**Records for processing**
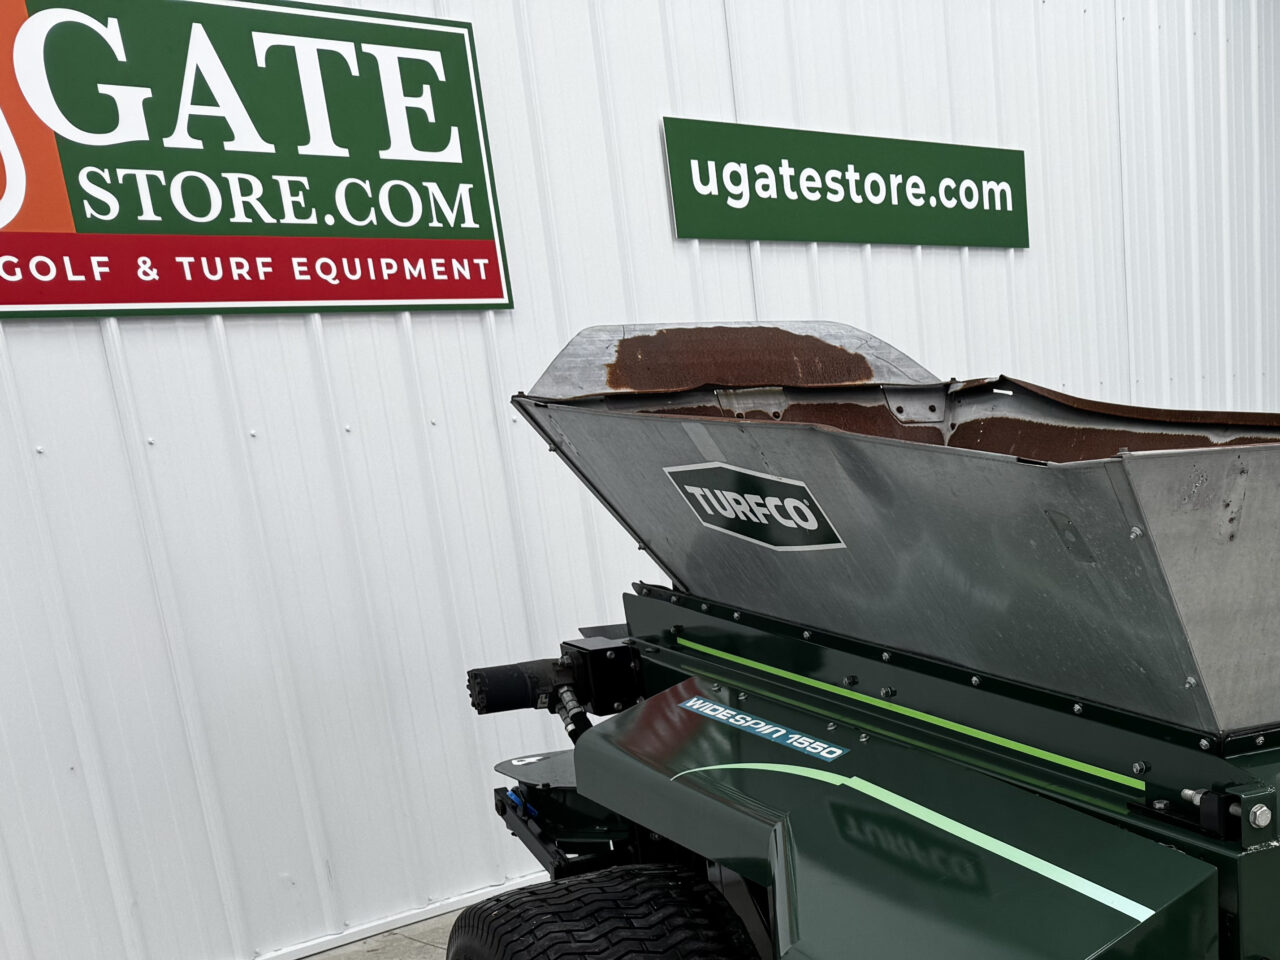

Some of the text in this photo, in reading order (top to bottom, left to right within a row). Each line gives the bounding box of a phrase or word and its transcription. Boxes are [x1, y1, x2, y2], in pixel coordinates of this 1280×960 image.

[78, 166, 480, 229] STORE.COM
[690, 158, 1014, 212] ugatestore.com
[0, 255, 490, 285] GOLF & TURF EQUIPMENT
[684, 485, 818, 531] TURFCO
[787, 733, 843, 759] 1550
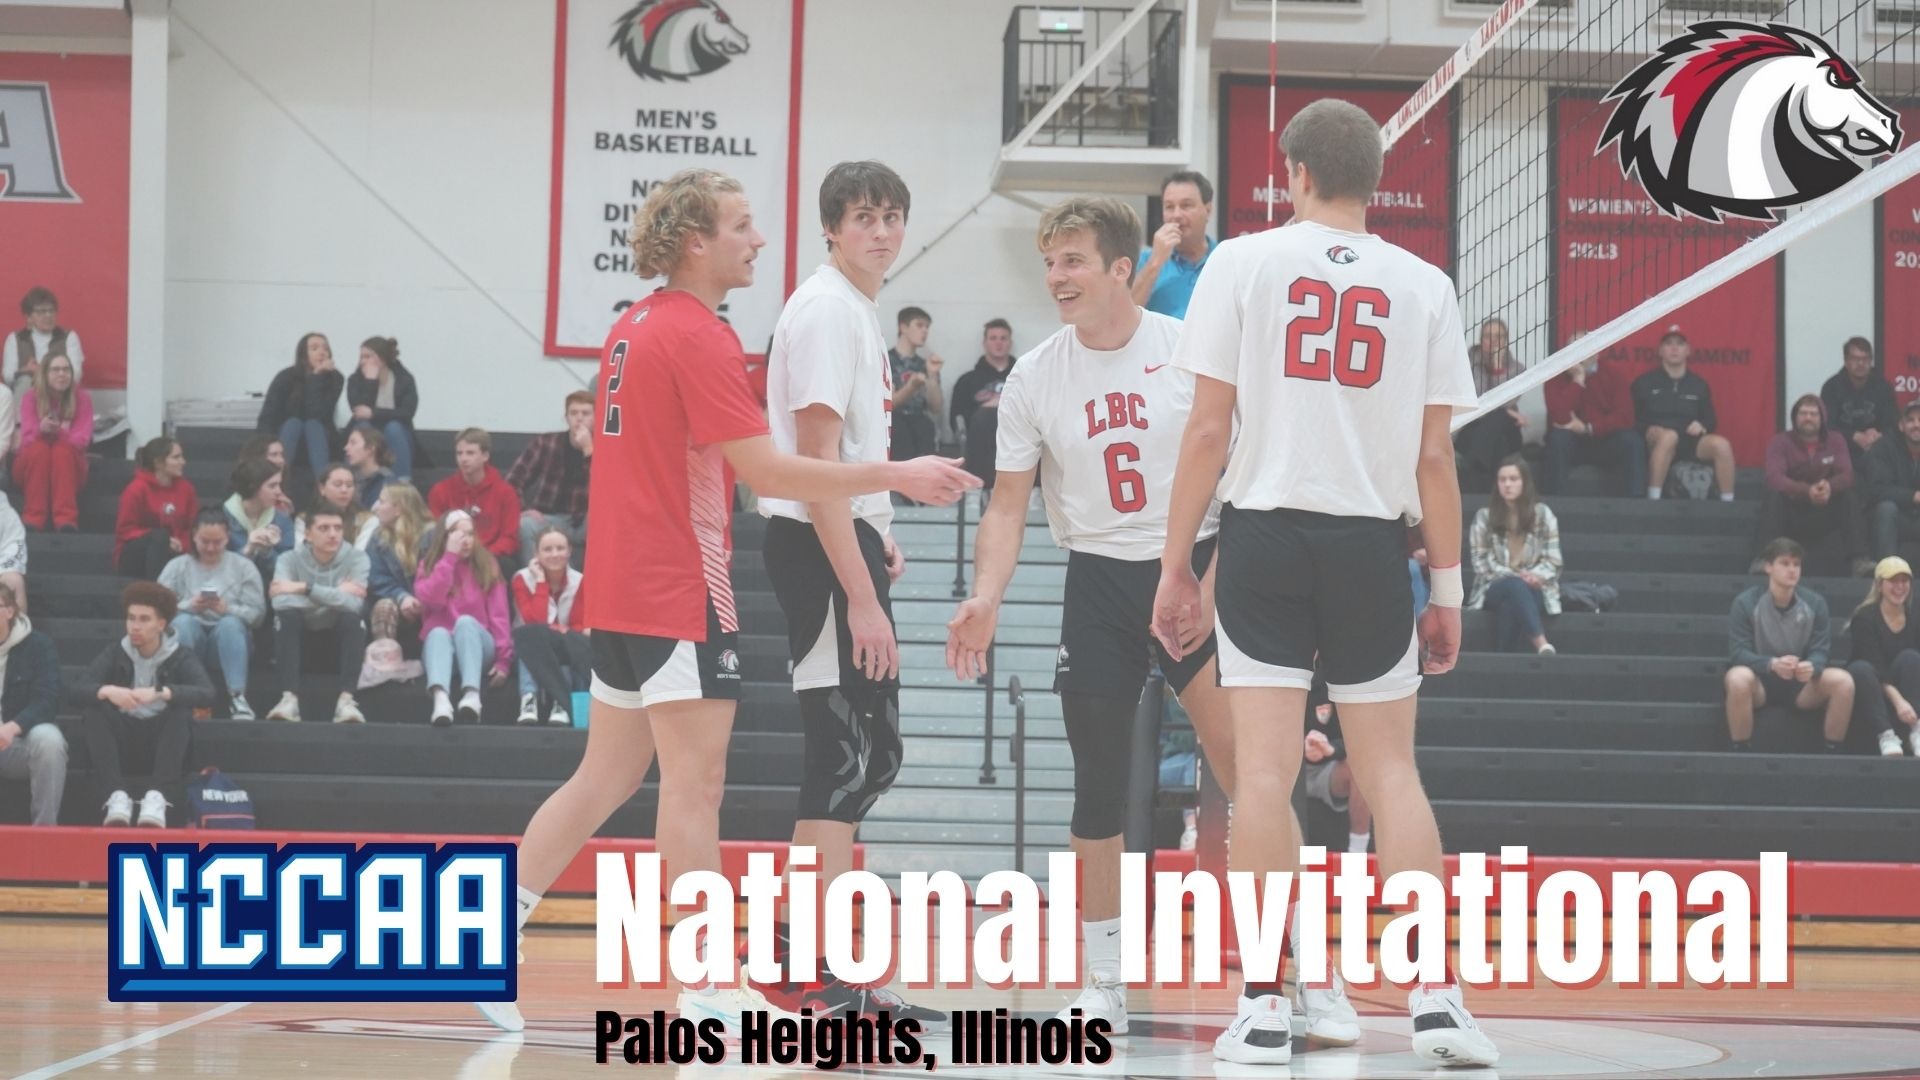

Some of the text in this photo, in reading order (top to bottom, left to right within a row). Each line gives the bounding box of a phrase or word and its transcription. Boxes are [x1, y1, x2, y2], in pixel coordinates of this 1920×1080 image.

==

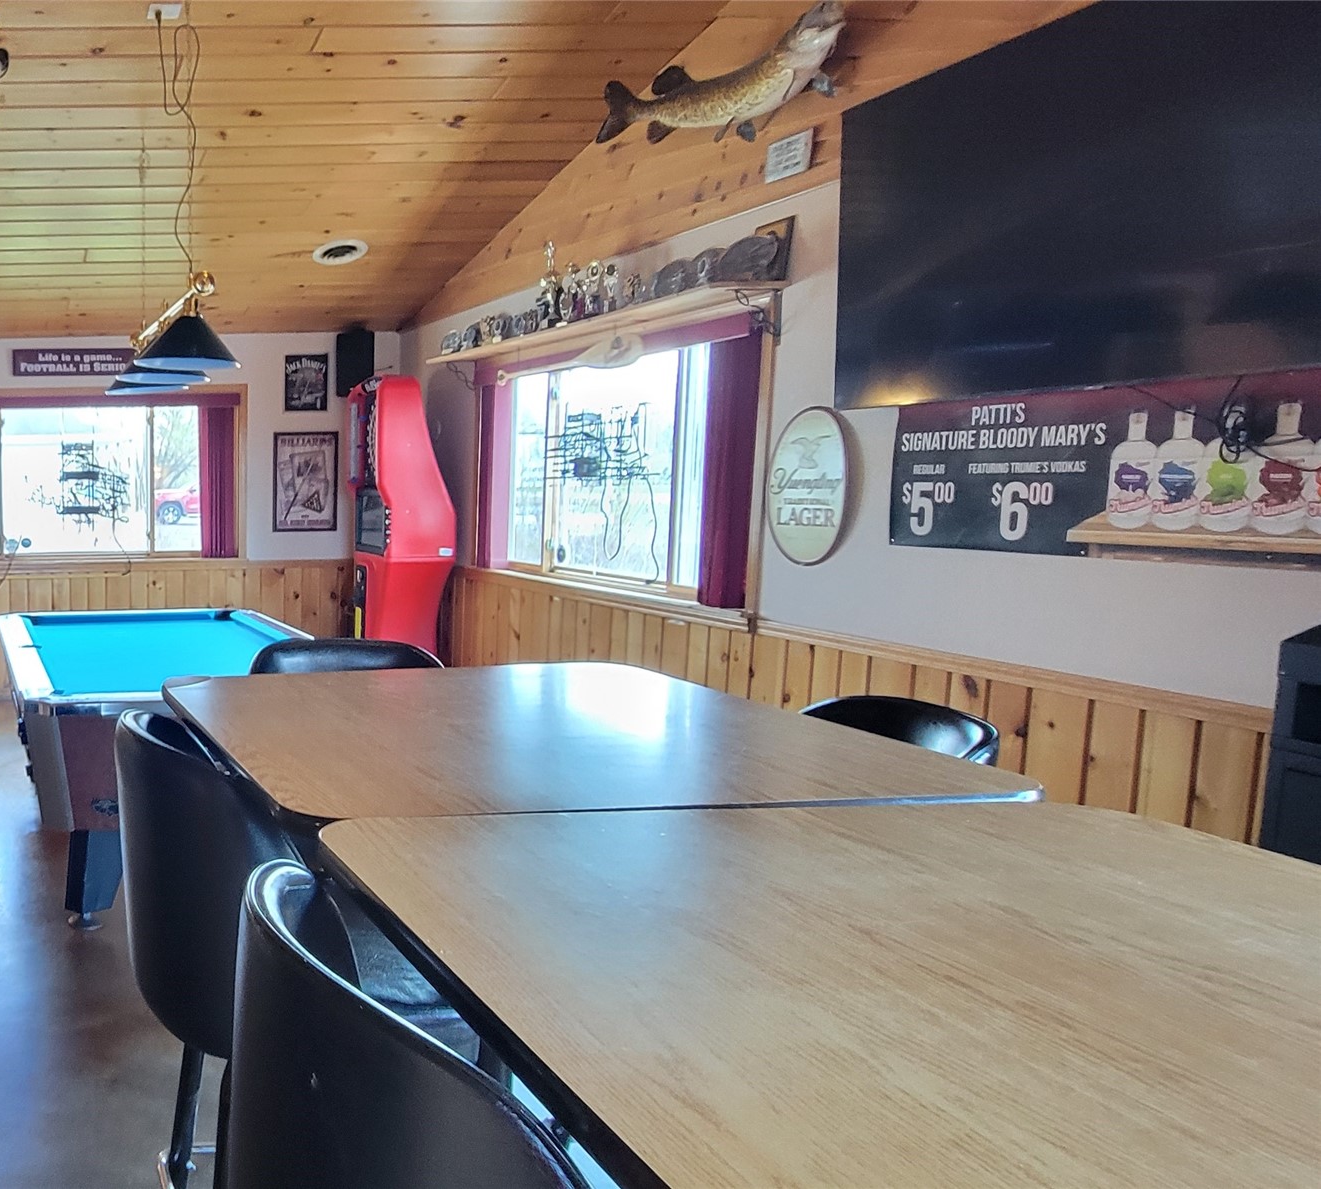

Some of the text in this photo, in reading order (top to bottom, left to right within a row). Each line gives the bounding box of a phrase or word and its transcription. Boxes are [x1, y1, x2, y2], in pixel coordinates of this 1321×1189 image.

**Work to be completed**
In the entries above, find the line containing "this 1280×960 image." and the line containing "this 1920×1080 image."; give again exactly those two lines and every line between them, minus the pictures.

**Response area**
Some of the text in this photo, in reading order (top to bottom, left to right within a row). Each line gives the bounding box of a phrase or word and its transcription. Boxes are [x1, y1, x2, y2], in pixel coordinates of this 1280×960 image.

[78, 166, 480, 229] STORE.COM
[690, 158, 1014, 212] ugatestore.com
[0, 255, 490, 285] GOLF & TURF EQUIPMENT
[684, 485, 818, 531] TURFCO
[787, 733, 843, 759] 1550

Some of the text in this photo, in reading order (top to bottom, left to right within a row). Each line gives the bounding box of a phrase or word and its transcription. Boxes are [x1, y1, x2, y2], in pixel coordinates of this 1920×1080 image.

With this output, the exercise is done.